White Rabbit vs. Tegmark

From: Patrick Leahy <jpl.domain.name.hidden>
Date: Mon, 23 May 2005 00:03:55 +0100 (BST)

I looked into this mailing list because I thought I'd come up with a
fairly cogent objection to Max Tegmark's version of the "everything"
thesis, i.e. that there is no distinction between physical and
mathematical reality... our multiverse is one particular solution to a set
of differential equations, not privileged in any way over other solutions
to the same equations, solutions to other equations, and indeed any other
mathemetical construct whatsoever (e.g. outputs of UTMs).

Sure enough, you came up with my objection years ago, in the form of the
"White Rabbit" paradox. Since usage is a bit vague, I'll briefly re-state
it here. The problem is that worlds which are "law-like", that is which
behave roughly as if there are physical laws but not exactly, seem to
vastly outnumber worlds which are strictly "lawful". Hence we would expect
to see numerous departures from laws of nature of a non-life-threating
kind.

This is a different objection to the prediction of a complete failure of
induction... it's true that stochastic universes with no laws at all (or
where laws abruptly cease to function) should be vastly more common still,
but they are not observed due to anthropic selection.

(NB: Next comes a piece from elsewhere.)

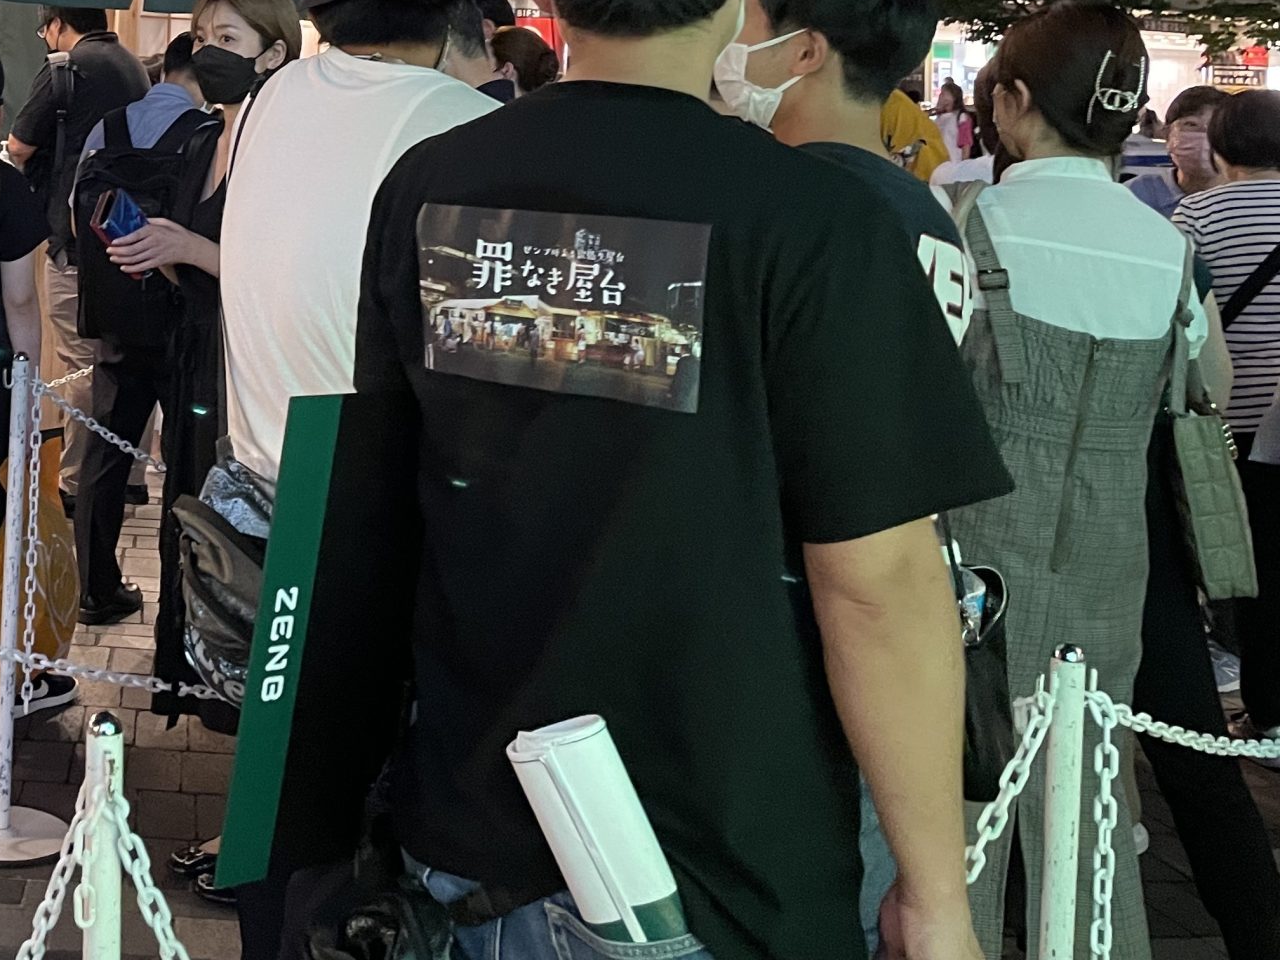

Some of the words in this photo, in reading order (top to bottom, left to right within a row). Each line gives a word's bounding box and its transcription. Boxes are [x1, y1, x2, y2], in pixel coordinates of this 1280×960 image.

[472, 239, 626, 306] 罪なき屋台
[260, 586, 299, 703] ZENB
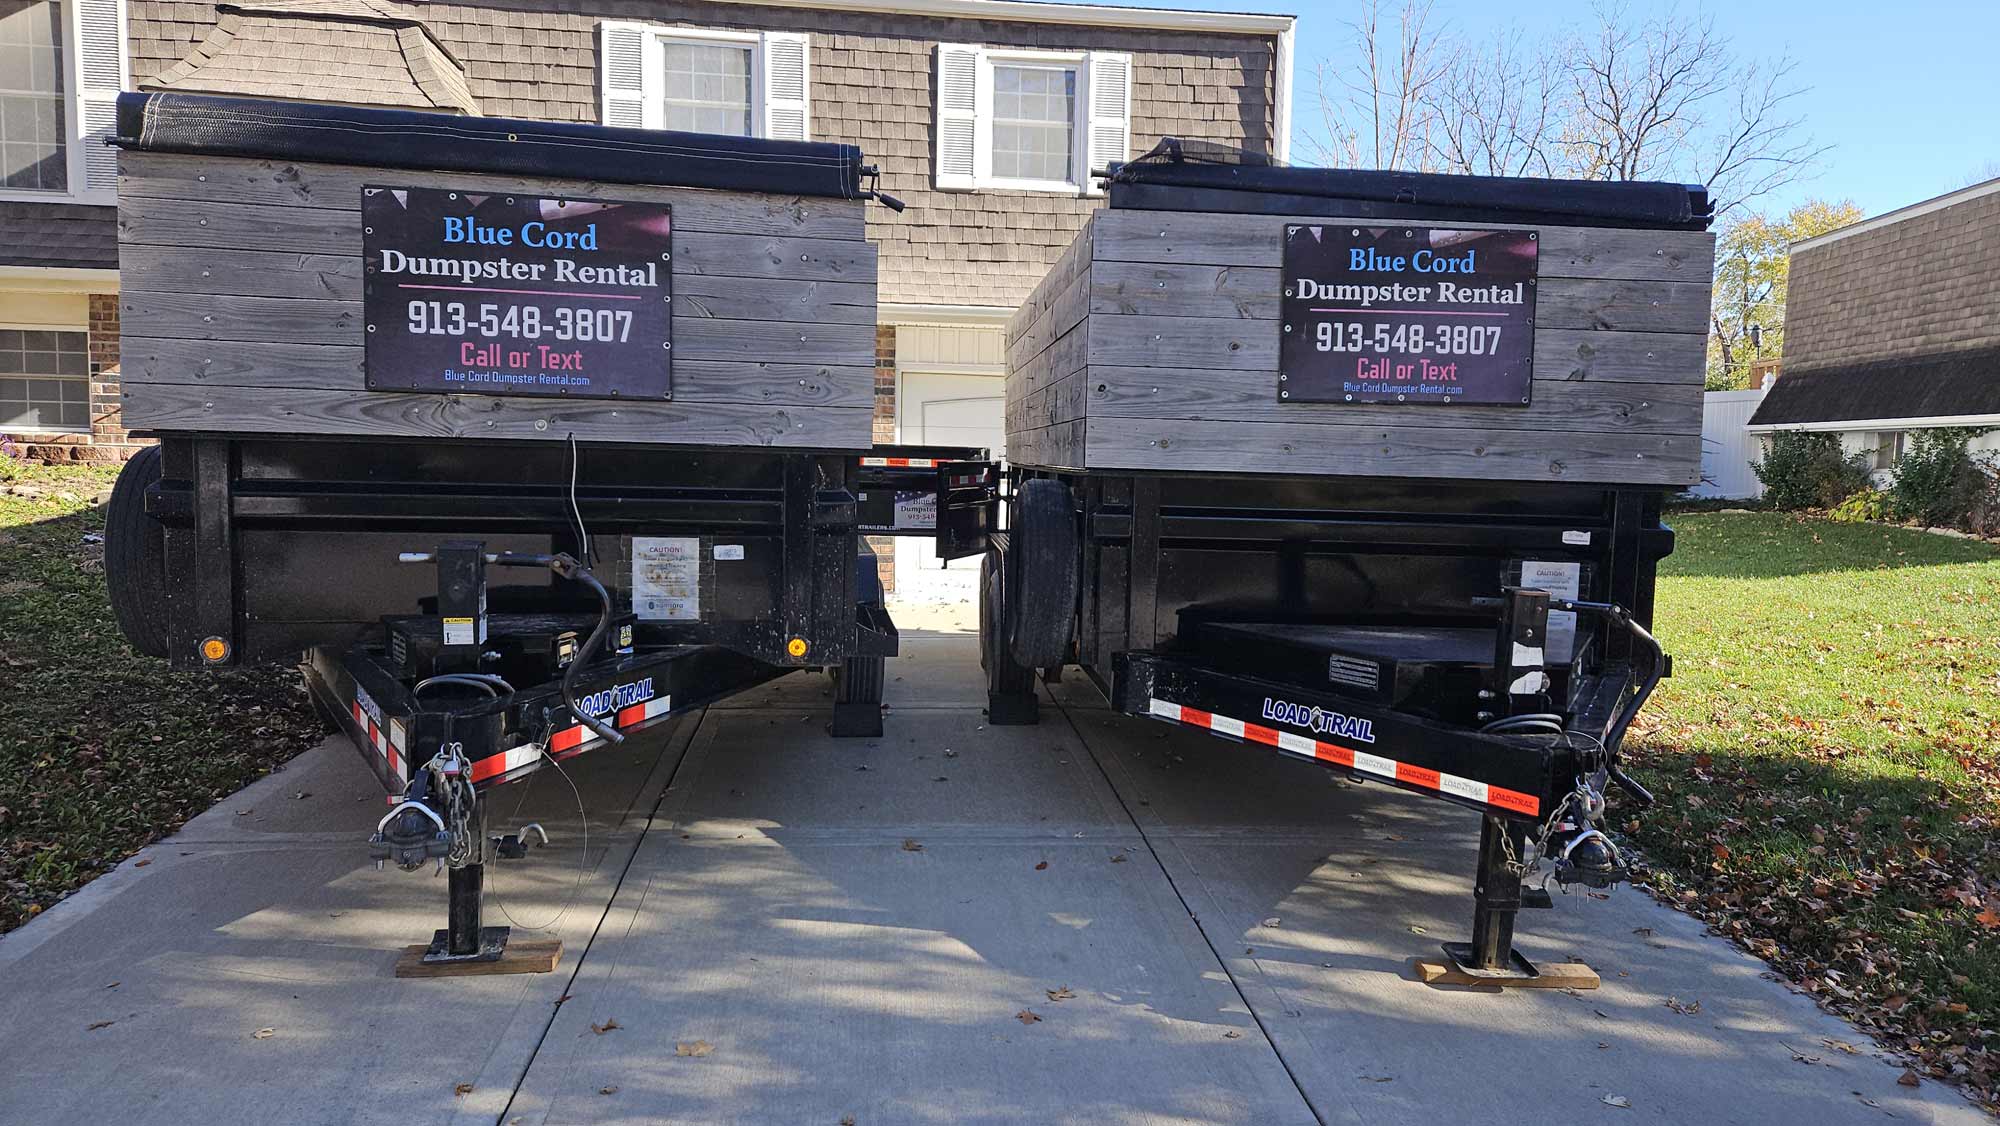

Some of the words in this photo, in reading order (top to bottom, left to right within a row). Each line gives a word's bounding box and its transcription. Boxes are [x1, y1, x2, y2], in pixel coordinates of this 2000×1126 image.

A very similar argument ("rubbish universes") was put forward long ago
against David Lewis's modal realism, and is discussed in his "On the
plurality of worlds". As I understand it, Lewis's defence was that there
is no "measure" in his concept of "possible worlds", so it is not
meaningful to make statements about which kinds of universe are "more
likely" (given that there is an infinity of both lawful and law-like
worlds). This is not a defense which Tegmark can make, since he does
require a measure (to give his thesis some anthropic content).

It seems to me that discussion on this list back in 1999 more or less
concluded that this was a fatal objection to Tegmark's version of the
thesis, although not to some alternatives based exclusively on UTM
programs (e.g. Russell Standish's Occam's Razor paper).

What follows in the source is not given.